As in any field, there could be. If there are, they are dealt with through the due process procedures that are in place. 

The problem is that, in recent time, people are trying to equate any mention of race/culture and any attempt to ensure equity & inclusion as critical race theory. It just isn't. Race, culture, equity & inclusion aren't dirty words but it appears that some folks think they are. 

My personal opinion is that it stems from the fact that the outrage over the George Floyd incident isn't dying down as people expected it would. There have been these type of incidents before with outrage & protests but they have died down and faded away. This one doesn't seem to be and I think that has some people afraid. 

I agree that you and I have had some very good conversations. I appreciate that you don't engage in the "I know all about education because I went to school once upon a time" attitude. That makes you a rare bird.


----------



## Farmerga (May 6, 2010)

Teaching about slavery, race, etc, should be limited to history class. It has no place in Math, science (with a very few specific exceptions),etc.. There can and should be inclusiveness in literature. Math is math, no matter if it is here, Africa, the Middle East or Kepler 165. It should be taught with no cultural bias of any type.


----------



## GunMonkeyIntl (May 13, 2013)

SLFarmMI said:


> The problem is that, in recent time, people are trying to equate any mention of race/culture and any attempt to ensure equity & inclusion as critical race theory. It just isn't. Race, culture, equity & inclusion aren't dirty words but it appears that some folks think they are.


Therein lies the problem; nobody is looking to equate “any mention of race/culture” as CRT or make inclusion into a dirty word.

Our problem is with CRT- full stop. As has been pointed out to you, countless times, we were all taught about slavery, oppression and racism in school, objectively and honestly. AND, all of us want that instruction to remain. Saying that those of who are anti-CRT are against teaching about the racial injustices of the past is just a blatant mischaracterization.

We’re against CRT because we acknowledge that it is what the purveyors say it is: Marxism applied to the topic of race. CRT is literally nothing more than Communism making a play at the race industry.

In this specific discussion, we have a “Chief Equity Officer” of a public school system saying, directly, that she wants to “normalize” and “raise up” the framework of Critical Race Theory as a mode for academic practitioners (teachers).
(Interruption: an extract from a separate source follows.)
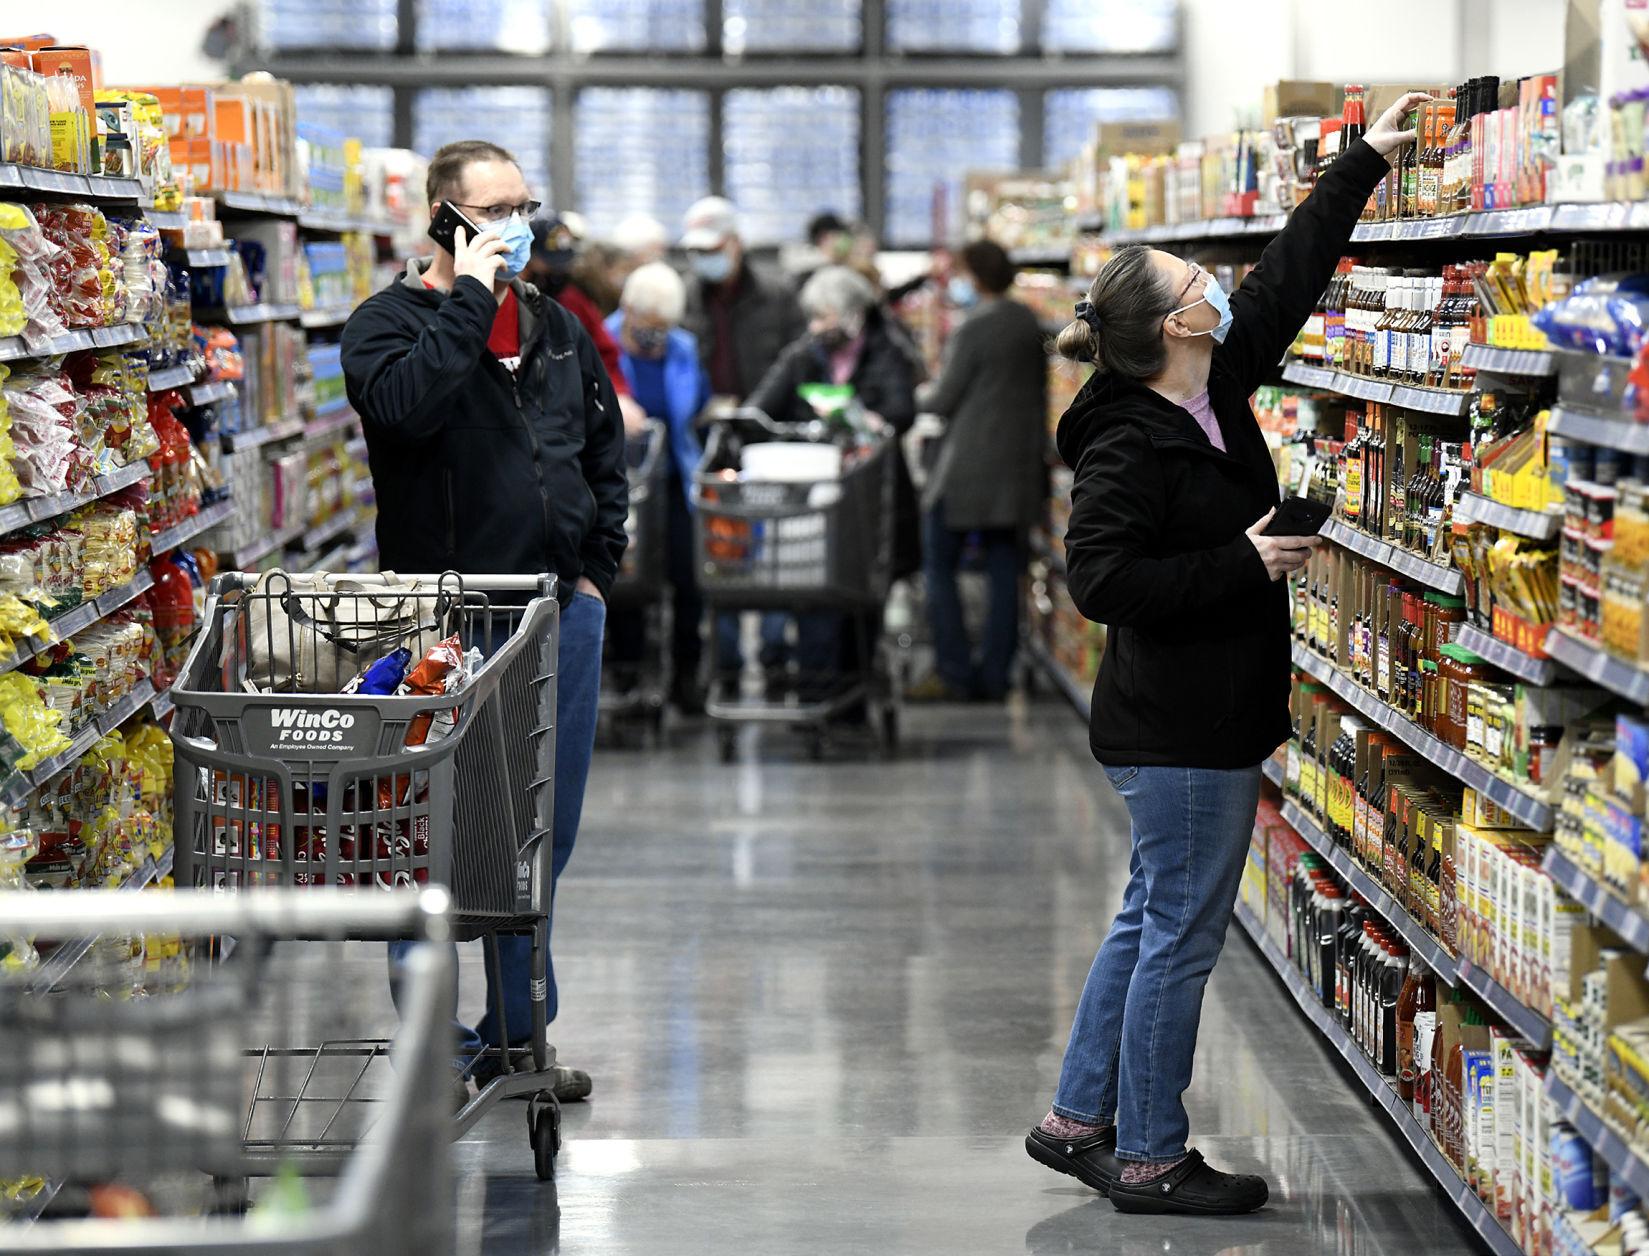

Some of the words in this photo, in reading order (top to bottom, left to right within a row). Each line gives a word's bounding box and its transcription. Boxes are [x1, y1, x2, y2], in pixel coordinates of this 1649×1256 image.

And, on the other side of the discussion, we’ve got otherwise (presumably) well-meaning teachers denying that that’s what they’re saying and doing.

We’re not going to stand for Marxists using race as a means to their ends. We support equality, and will fight for it, but we recognize that “equity”, as the term has been co-opted by the Marxists, is nothing more than an attempt to classify our children by race, divide them along those lines, and selectively advantage and disadvantage the divided groups in order to foment further division. CRT is not about race. It is about destroying capitalism, and using historical injustices as a means to that end. It has no place in our schools- math class, social studies, or history.


----------



## mreynolds (Jan 1, 2015)

SLFarmMI said:


> As in any field, there could be. If there are, they are dealt with through the due process procedures that are in place.
> 
> The problem is that, in recent time, people are trying to equate any mention of race/culture and any attempt to ensure equity & inclusion as critical race theory. It just isn't. Race, culture, equity & inclusion aren't dirty words but it appears that some folks think they are.
> 
> ...


I actually used to be an instructor. Not really a teacher with those types of credentials but I had a certificate to teach any fire class in the state of Texas and to certify anyone from anywhere in the world in fire fighting classes. But that is not the same thing. I had a captive audience that chose to be there and wanted the class that I taught at that moment. I let it expire as that is not my thing anymore. 

Where do you think the narrative is coming from that says some are teaching white kids that they are aggressors and black kids they are the victims? Could this really be happening in some schools? 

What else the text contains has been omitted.